:: DATA FOR ANALYSIS ::
--------

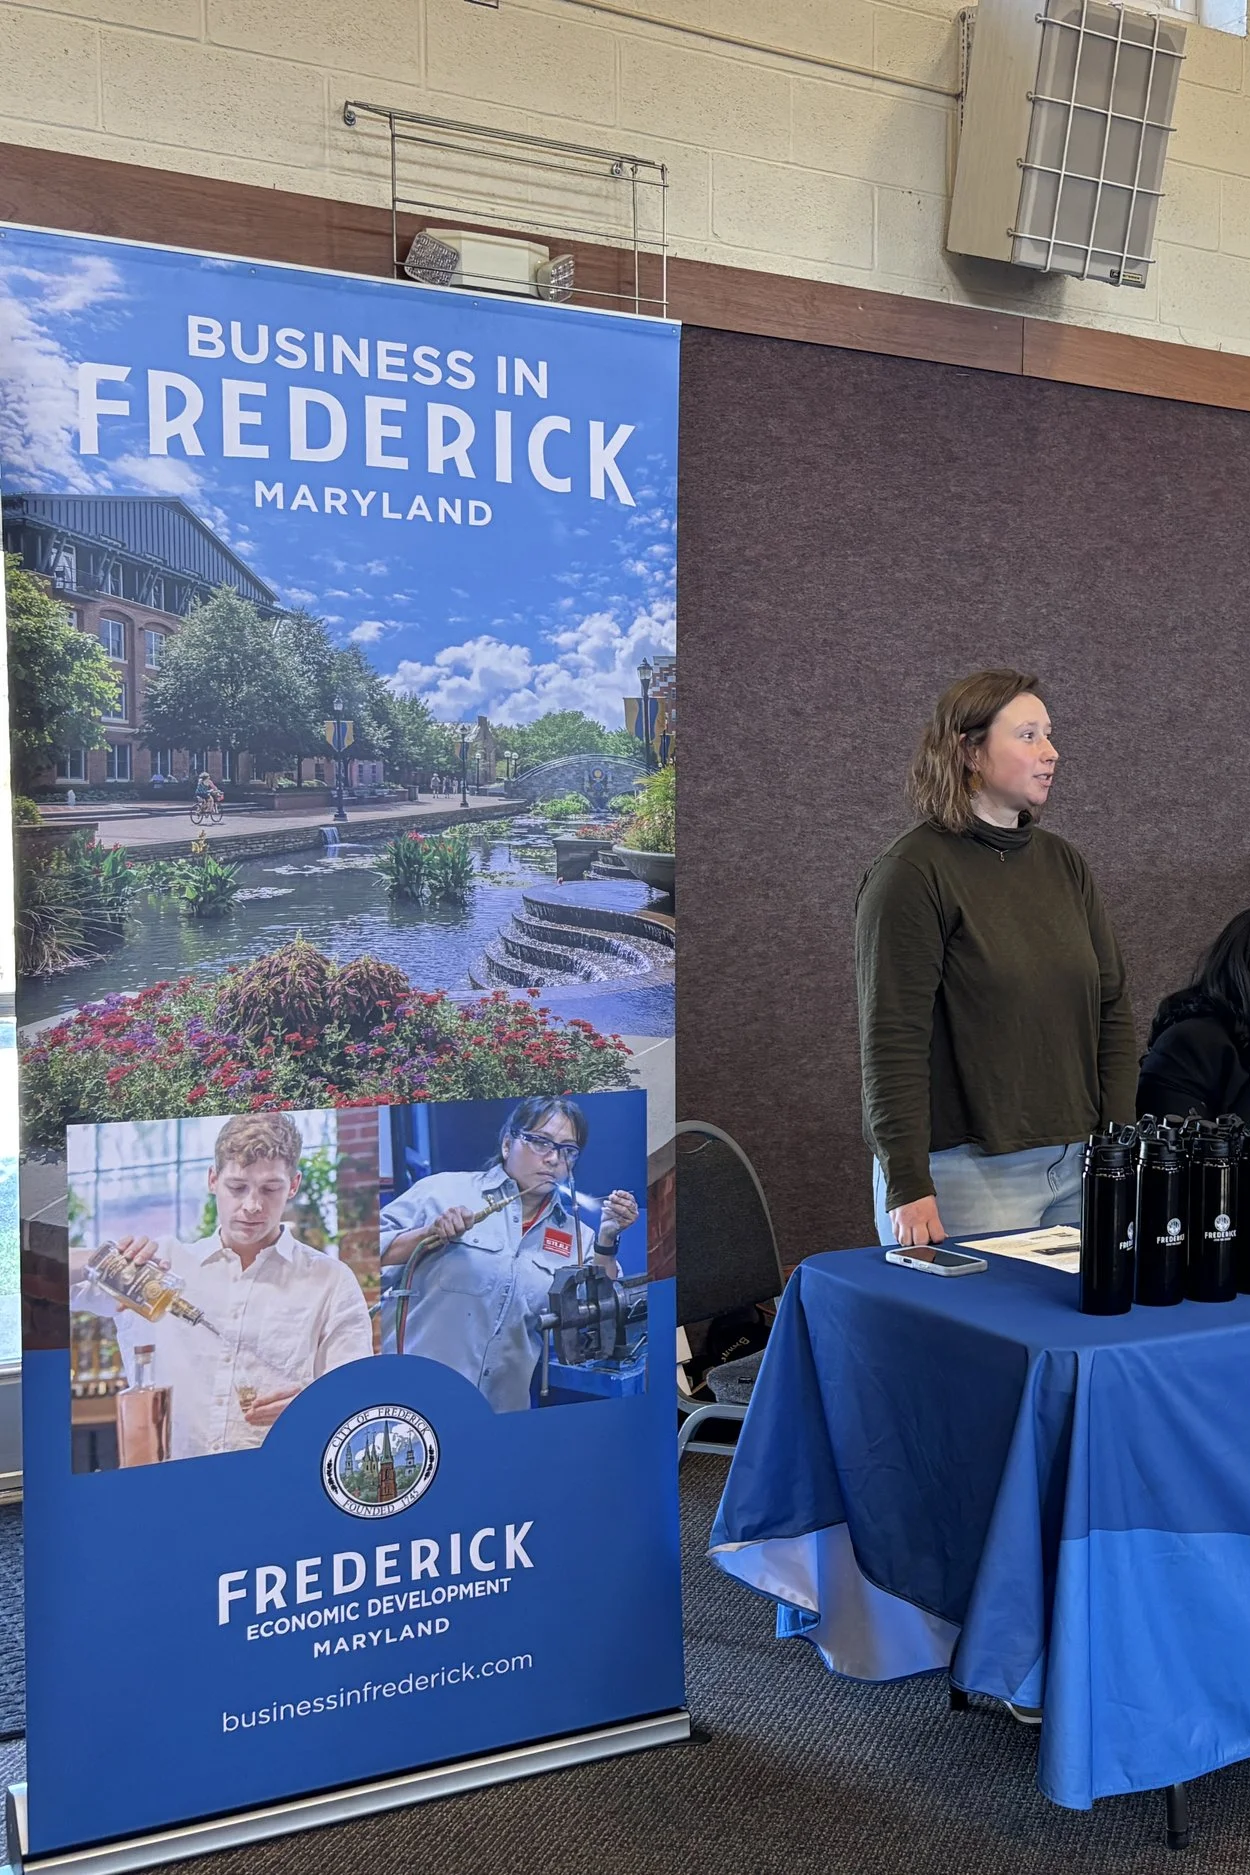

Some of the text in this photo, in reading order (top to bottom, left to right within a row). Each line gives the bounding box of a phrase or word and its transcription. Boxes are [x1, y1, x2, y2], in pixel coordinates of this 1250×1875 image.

[187, 315, 548, 399] BUSINESS IN
[78, 362, 636, 507] FREDERICK
[254, 480, 492, 526] MARYLAND
[1204, 1229, 1237, 1240] FREDERICK
[332, 1407, 431, 1448] CITY OF FREDERICK
[342, 1489, 419, 1516] FOUNDED 1745
[218, 1520, 535, 1626] FREDERICK
[246, 1577, 512, 1641] ECONOMIC DEVELOPMENT
[313, 1617, 450, 1659] MARYLAND
[222, 1652, 534, 1733] businessinfrederick.com
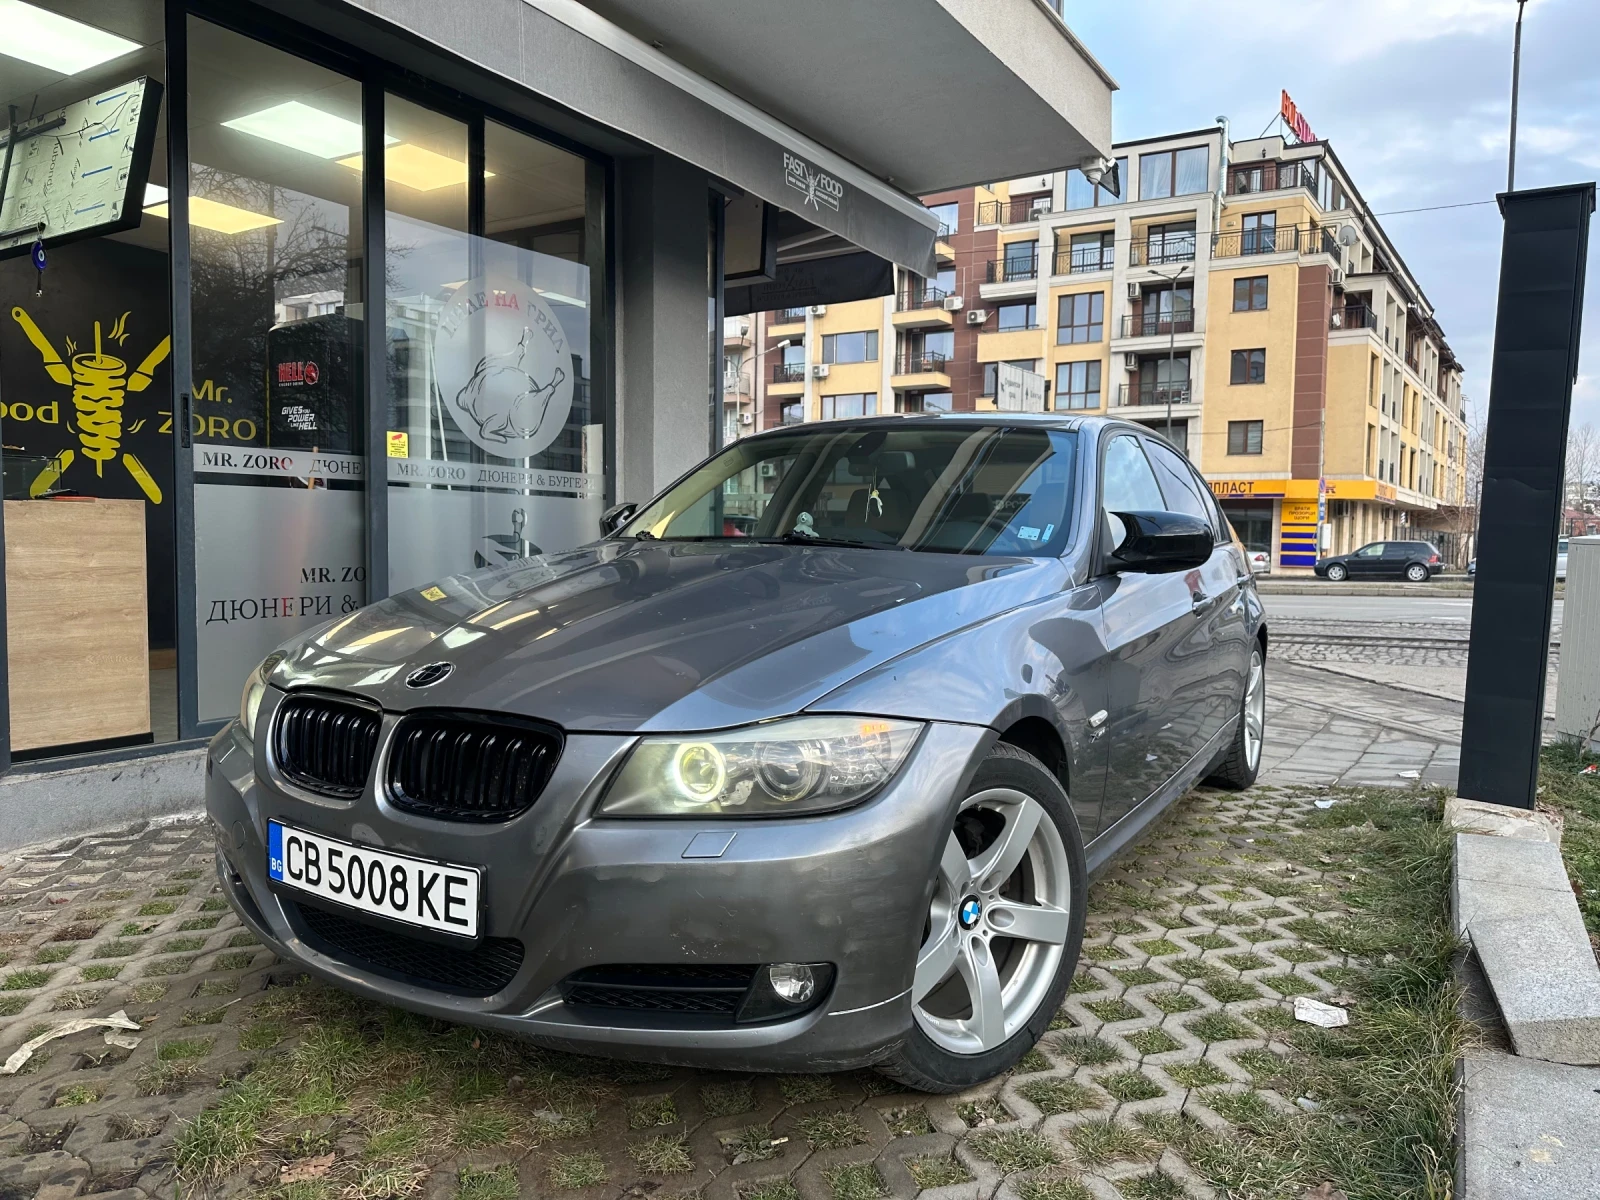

--------

:: ACTIVITY ::
Your reply should be the entries copied exactly, with all images omitted.

:: RESULT OF THIS TASK ::
Some of the text in this photo, in reading order (top to bottom, left to right within a row). Each line gives the bounding box of a phrase or word and its transcription. Boxes are [x1, y1, x2, y2], in pixel coordinates of this 1250×1875 image.

[187, 315, 548, 399] BUSINESS IN
[78, 362, 636, 507] FREDERICK
[254, 480, 492, 526] MARYLAND
[1204, 1229, 1237, 1240] FREDERICK
[332, 1407, 431, 1448] CITY OF FREDERICK
[342, 1489, 419, 1516] FOUNDED 1745
[218, 1520, 535, 1626] FREDERICK
[246, 1577, 512, 1641] ECONOMIC DEVELOPMENT
[313, 1617, 450, 1659] MARYLAND
[222, 1652, 534, 1733] businessinfrederick.com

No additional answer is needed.